However, the question immediately arises as to why the orders of
intelligence remain receptive at all to contamination from the outside.
And what it might mean to allow such an interruption in identity. Ronell
responds to this conundrum in a talk on the sub-worlds of novelist and
poet Dennis Cooper, by precisely pondering, "Why is the body
prepared for drugs?" (193). Drugs, in one sense, are able to enter
the body and disrupt orders of intelligence. "Drugs not only belong
to a repressed thinking of culture but point to a nanotechnology
installed in the human body, which is set up with receptors to receive
the chemical prosthesis" (193). Such chemical receptors allow the
body to become transported into zones of hallucination or unreadability.
By causing a "fatigue of identity" (194), drugs "blur the
boundaries between intelligence and idiocy" (197). By becoming
stupid on drugs, there is a possibility for questioning what really
happens when something from the outside is allowed to survive inside:
"Drugs make us ask what it means to consume anything, anything at
all" (137).
Ronell's quintessential concept of stupidity holds up a dull
and diminishing mirror to intelligence. Stupidity is not merely the
absence of the latter, but is what remains when the regime of cleverness
is absent. In a selection from her book Stupidity (2002), Ronell argues
that, "it is in the nature of stupidity to stump--to enfeeble and
intimidate--but also to release" (261). She discusses a piece of
graffiti Flaubert saw during a trip to the Orient. The novelist, in the
midst of a reverie over Pompey's Pillar, sees the name
"Thompson" scrawled on the monument: the stupidity of this
traveler is forever emblazoned for all those who come after him to see.

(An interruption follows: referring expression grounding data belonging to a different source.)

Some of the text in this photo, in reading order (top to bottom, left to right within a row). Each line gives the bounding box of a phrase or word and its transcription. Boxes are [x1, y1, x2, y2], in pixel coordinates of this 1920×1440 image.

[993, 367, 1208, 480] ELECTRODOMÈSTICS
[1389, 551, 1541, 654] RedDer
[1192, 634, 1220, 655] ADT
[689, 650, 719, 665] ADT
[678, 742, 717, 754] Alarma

Ronell argues that for stupidity to exist, there first has to be some
order of intelligence for it to demolish, for "there is no
stupidity without monument" (268). The power of stupidity, as
Flaubert encounters it, is that it is "the name that spells out the
ruination of any monument" (269). In this sense, stupidity permits
a challenge to be hurled in the face of the received pillars of wisdom.
Stupidity in testing comes forth in an excerpt from The Test Drive
(2005) on the Zen koan. The interrogative structure of the koan, the Zen
master's test question practiced during meditation, not only
functions as a step on the road to enlightenment but can even, by its
very inquisitive nature, reflect enlightenment itself. Often described
as no-exit situations which take years to answer, koans are seemingly
nonsensical at first, even childish, but often point toward a kind of
aporia, disengaging themselves from the easy way out of an answer.

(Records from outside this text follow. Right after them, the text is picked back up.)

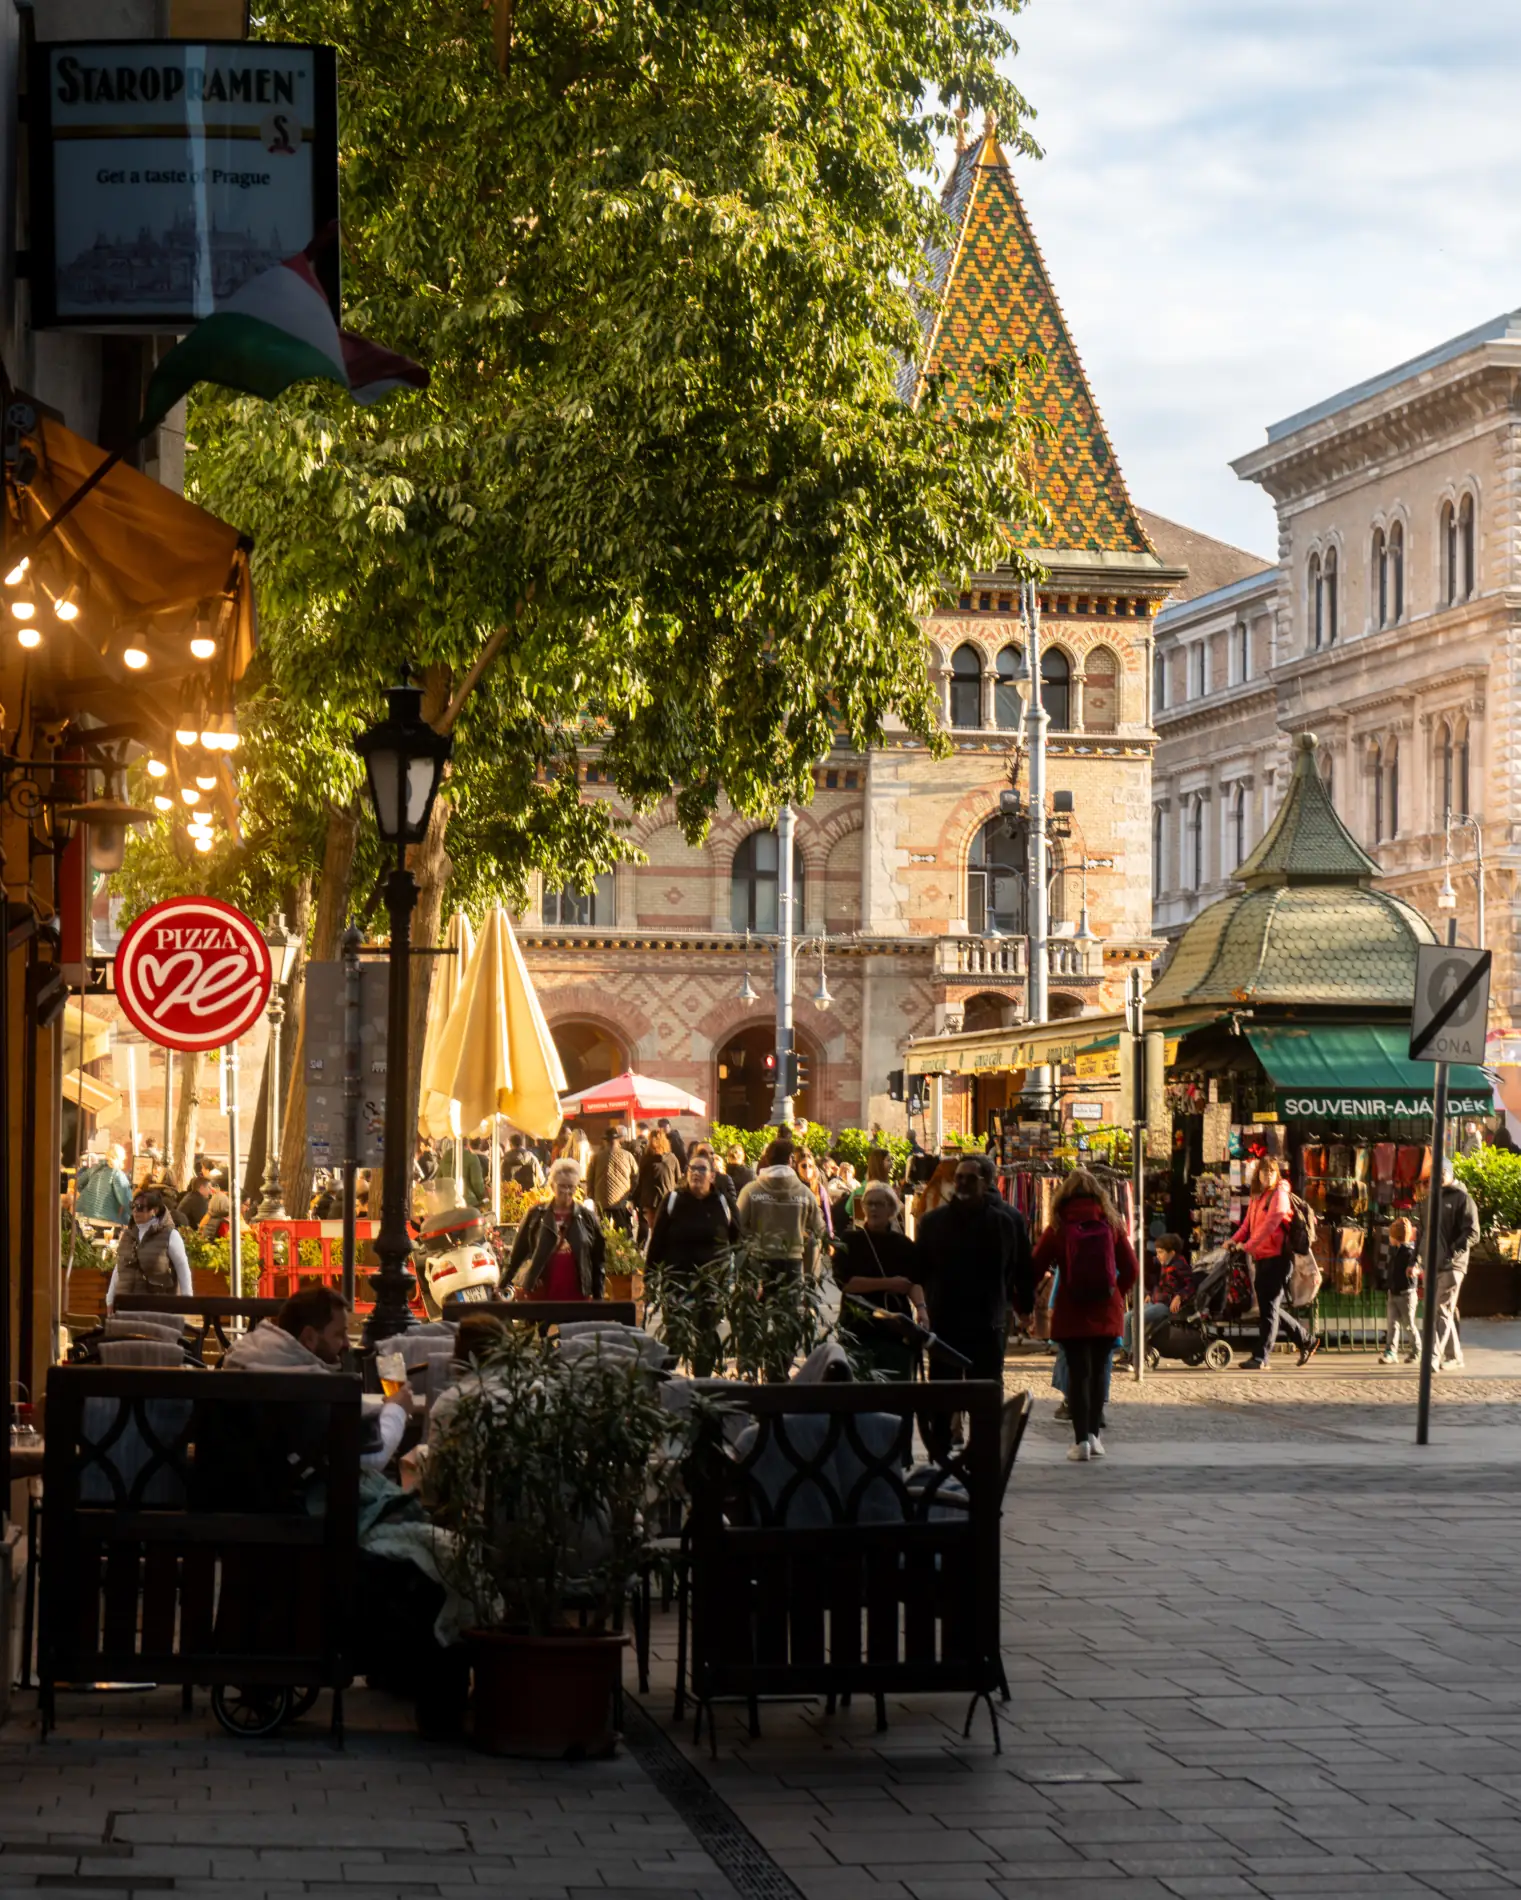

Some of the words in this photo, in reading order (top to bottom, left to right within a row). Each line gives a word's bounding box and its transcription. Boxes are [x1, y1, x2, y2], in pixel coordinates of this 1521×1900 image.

[96, 168, 126, 184] Get
[130, 171, 140, 184] a
[144, 168, 187, 184] taste
[189, 167, 209, 185] of
[212, 169, 271, 189] Prague
[154, 928, 239, 950] PIZZA
[1284, 1096, 1488, 1116] SOUVENIR-AJÁDÉK

According to Ronell, "Zen does not merely erase testing but holds
it in reverse, situating it otherwise [...] the test becomes even more
pervasive because it can at no point be satisfied by a conclusive answer
or a definitive response to the probe that has been put out" (308).
Ronell describes what it is like sitting for such assessments in which
there is "no exit." The conclusion is that the koan offers
"a test site in which the self is placed at absolute risk"
(307).
[ILLUSTRATION OMITTED]
This holding of the koan question in reverse place is complicated
by the koan itself: the question seems to do all it can to bring about
failure, which in this case takes the form of a too-hasty answer. This
dilemma of orders is made brutally evident in a well-known koan from The
Gateless Gate (Mumonkan): "If you meet a man of Tao on the way,
greet him neither with words nor with silence. Now tell me, how will you
greet him?" Such a koan partakes in the course of things by being
"on the way," but it also indicates an extension of one's
self in the form of the passivity required in greeting some other. The
koan so reveals itself as a place of reserved resistance: a part of you
gets passively left behind when you become open to the greeted one. As
Ronell argues, "The Greeting is a staying behind but also a
going-along" (217), meaning that "The Greeting first
establishes a distance so that proximity can occur" (298). For
Ronell, the koan can be seen as a rigorous sheltering of blindness, much
like video: "The koan does not quarrel with its own state of
blindness. It stays with the question, suffers blindness. With time, it
becomes evident that the awaited answers are not about their discursive
content or levels of perception but about the ever-harassing experience
of answering. Answering to the call of the koan, you discover that you
are not judged for the quality of the rightness or wrongness of your
answer but are turned back upon the ungraspable experience of seeking to
answer. Floundering has its own life" (314).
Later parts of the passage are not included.